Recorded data
================
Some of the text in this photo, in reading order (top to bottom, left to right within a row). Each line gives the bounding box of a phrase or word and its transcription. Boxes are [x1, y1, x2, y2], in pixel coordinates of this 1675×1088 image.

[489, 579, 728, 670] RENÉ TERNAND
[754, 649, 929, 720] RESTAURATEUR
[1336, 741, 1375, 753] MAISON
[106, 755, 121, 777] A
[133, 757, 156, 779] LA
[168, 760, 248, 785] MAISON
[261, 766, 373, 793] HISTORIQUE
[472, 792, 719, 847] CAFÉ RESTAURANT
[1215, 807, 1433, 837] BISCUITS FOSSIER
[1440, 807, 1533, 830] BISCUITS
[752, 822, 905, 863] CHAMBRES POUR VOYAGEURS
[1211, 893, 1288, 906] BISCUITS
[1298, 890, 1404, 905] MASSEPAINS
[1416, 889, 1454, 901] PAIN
================
● **Work item**:
Your answer should consist of every entry, repeated exactly.

● **Worked solution**:
Some of the text in this photo, in reading order (top to bottom, left to right within a row). Each line gives the bounding box of a phrase or word and its transcription. Boxes are [x1, y1, x2, y2], in pixel coordinates of this 1675×1088 image.

[489, 579, 728, 670] RENÉ TERNAND
[754, 649, 929, 720] RESTAURATEUR
[1336, 741, 1375, 753] MAISON
[106, 755, 121, 777] A
[133, 757, 156, 779] LA
[168, 760, 248, 785] MAISON
[261, 766, 373, 793] HISTORIQUE
[472, 792, 719, 847] CAFÉ RESTAURANT
[1215, 807, 1433, 837] BISCUITS FOSSIER
[1440, 807, 1533, 830] BISCUITS
[752, 822, 905, 863] CHAMBRES POUR VOYAGEURS
[1211, 893, 1288, 906] BISCUITS
[1298, 890, 1404, 905] MASSEPAINS
[1416, 889, 1454, 901] PAIN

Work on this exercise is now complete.